When London artist Sonia Boyce was busy preparing a complex multichannel video work for the 2022 Venice Biennale mid-pandemic, she tired of people asking how it felt to be the first Black woman to represent Britain at the prestigious international exhibition.

“I kept batting away the question,” she said in a recent interview. But when she finally witnessed thousands lining up to enter the British pavilion, her feelings shifted. “I wept on the stairs. It was the first moment after lockdown had finished and people could gather again. There was a sea of people. I suddenly felt this weight of history.”

That historic moment was the presentation of Feeling Her Way, an exhibition featuring an entirely improvised vocal performance by four women with roots in Black music who had never met before and didn’t rehearse. It won the Golden Lion prize in Venice and comes to Canada courtesy of Montreal’s PHI Foundation, which showed it over the past summer. The show, Boyce’s first major outing in North America, is now touring to Toronto, thanks to the Toronto Biennial of Art and the Art Gallery of Ontario.

It launched the Biennial this week with cacophony: Its nine large screens all play simultaneously and loudly in two ground-floor galleries at the AGO. In the first room, three of the four singers are shown doing some initial vocal exercises – the fourth couldn’t join them because the latest travel ban had stranded her in Scandinavia – and you can see the hesitation in their faces as they figure out how this might work. At the renowned Abbey Road Studios, they stand the required two metres apart, three points in a triangle trying to raise one sound.

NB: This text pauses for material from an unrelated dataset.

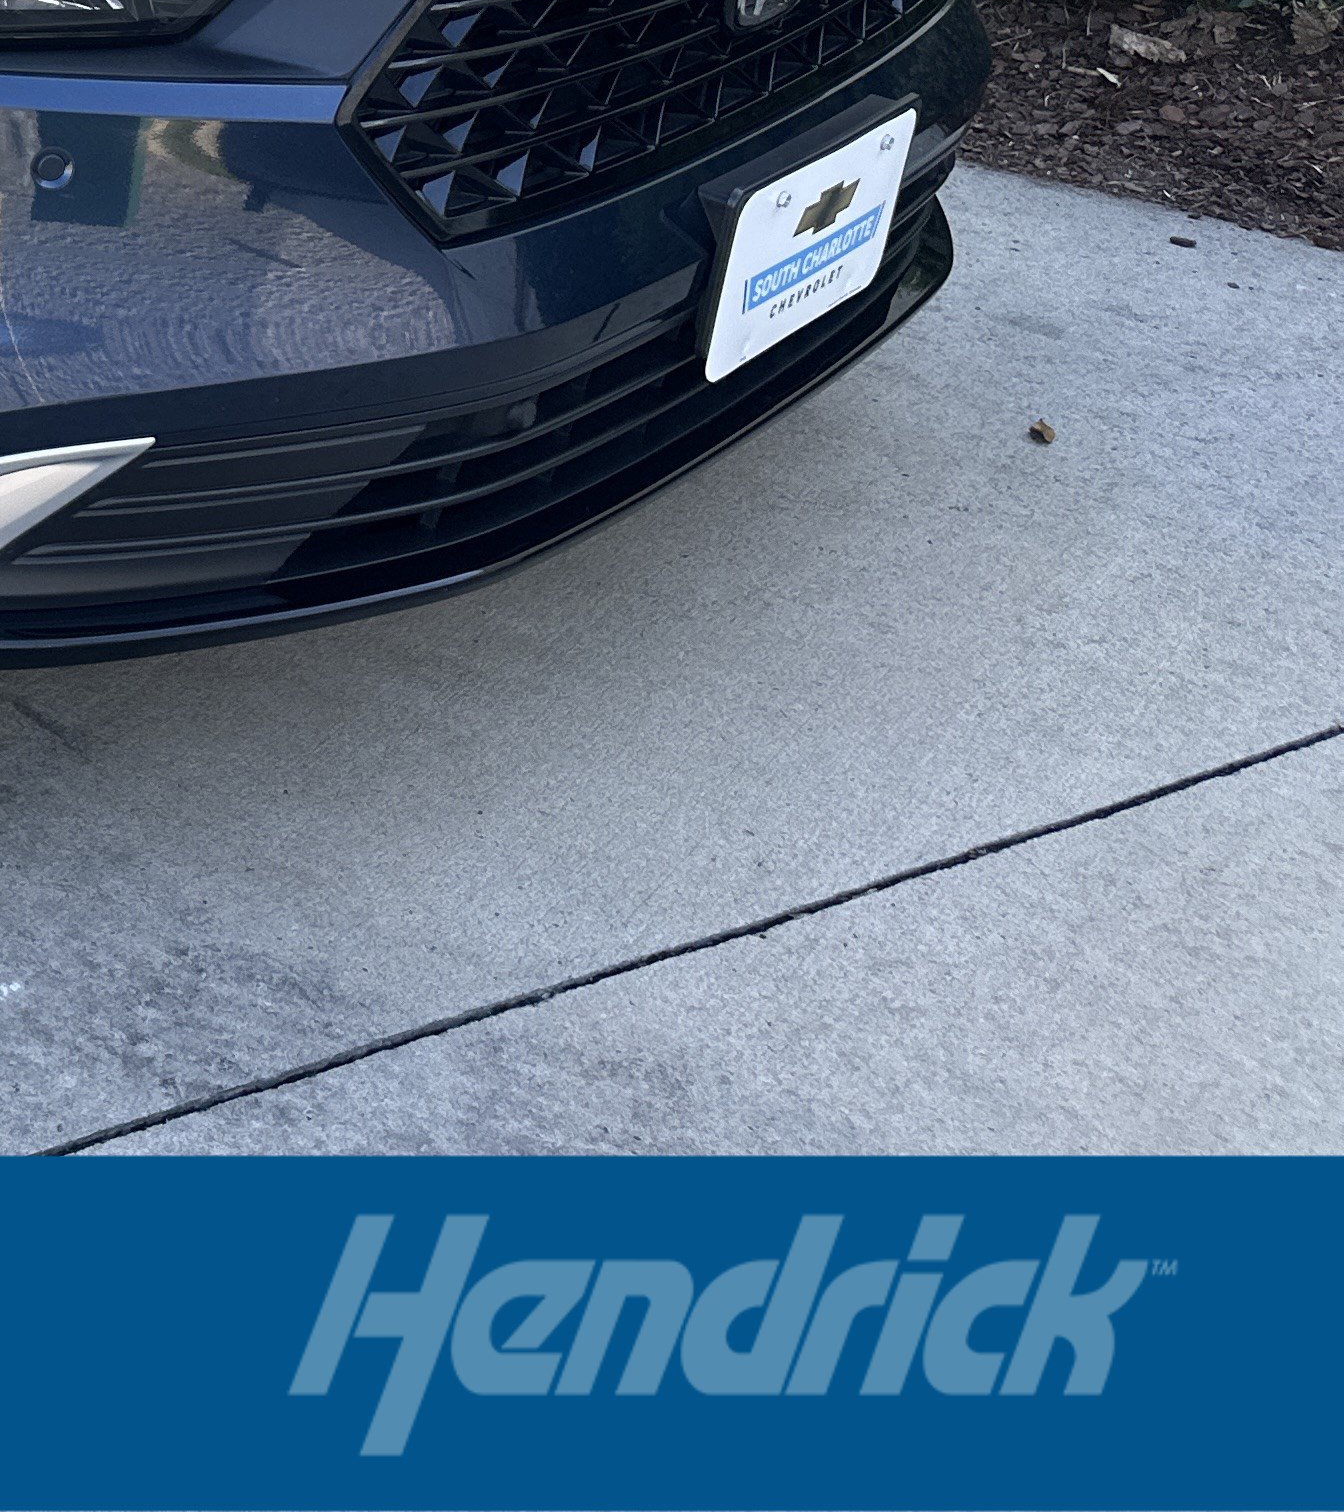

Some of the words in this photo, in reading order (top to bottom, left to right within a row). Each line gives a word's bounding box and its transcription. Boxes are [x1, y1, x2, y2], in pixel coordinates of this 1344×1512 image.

[752, 257, 802, 303] SOUTH
[801, 215, 875, 275] CHARLOTTE
[769, 264, 844, 319] CHEVROLET

“They did keep saying, well, what is it you want us to do?” Boyce told the audience at a press preview. “I said, I just want you to sing together. They were very, very nervous.”

Boyce conceived the project as a testament to Black women in the British music industry and recruited the four singers simply by drawing up a list of candidates and picking the ones who seemed the most interested. They are a disparate group who brought very different styles with the composer Errollyn Wallen leading their group sessions while the singers also provided solos.

The jazz singer Jacqui Dankworth is part of a musical dynasty: her father was the musician John Dankworth and her mother is the jazz singer Cleo Laine, whose father was Jamaican. Poppy Ajudha is much younger, a singer-songwriter of Saint Lucian and British heritage in her 20s, influenced by jazz, soul and R&B.

Sofia Jernberg is an experimental singer who specializes in improvisation and expanding the voice. Born in Ethiopia and raised in Sweden, she appears remotely, filmed in the Stockholm studio once used by ABBA. Tanita Tikaram, perhaps the best known in Britain., is a pop-folk singer-songwriter who was born in Germany to Asian parents; her mother is Malaysian and her father Fijian and British. For her solo, she played the Steinway at Abbey Road.

“The legacy of the sounds they are making comes not only from an African diaspora experience,” Boyce said. “Jacqui is doing a Gregorian chant. She is influenced by both European and African traditions.”

Boyce considers African or Asian a descriptor but thinks Black is a political position, and points to the alliance between Black and Asian anti-racism protestors in the 1980s, a time when she was heavily involved in Britain’s Black art movement.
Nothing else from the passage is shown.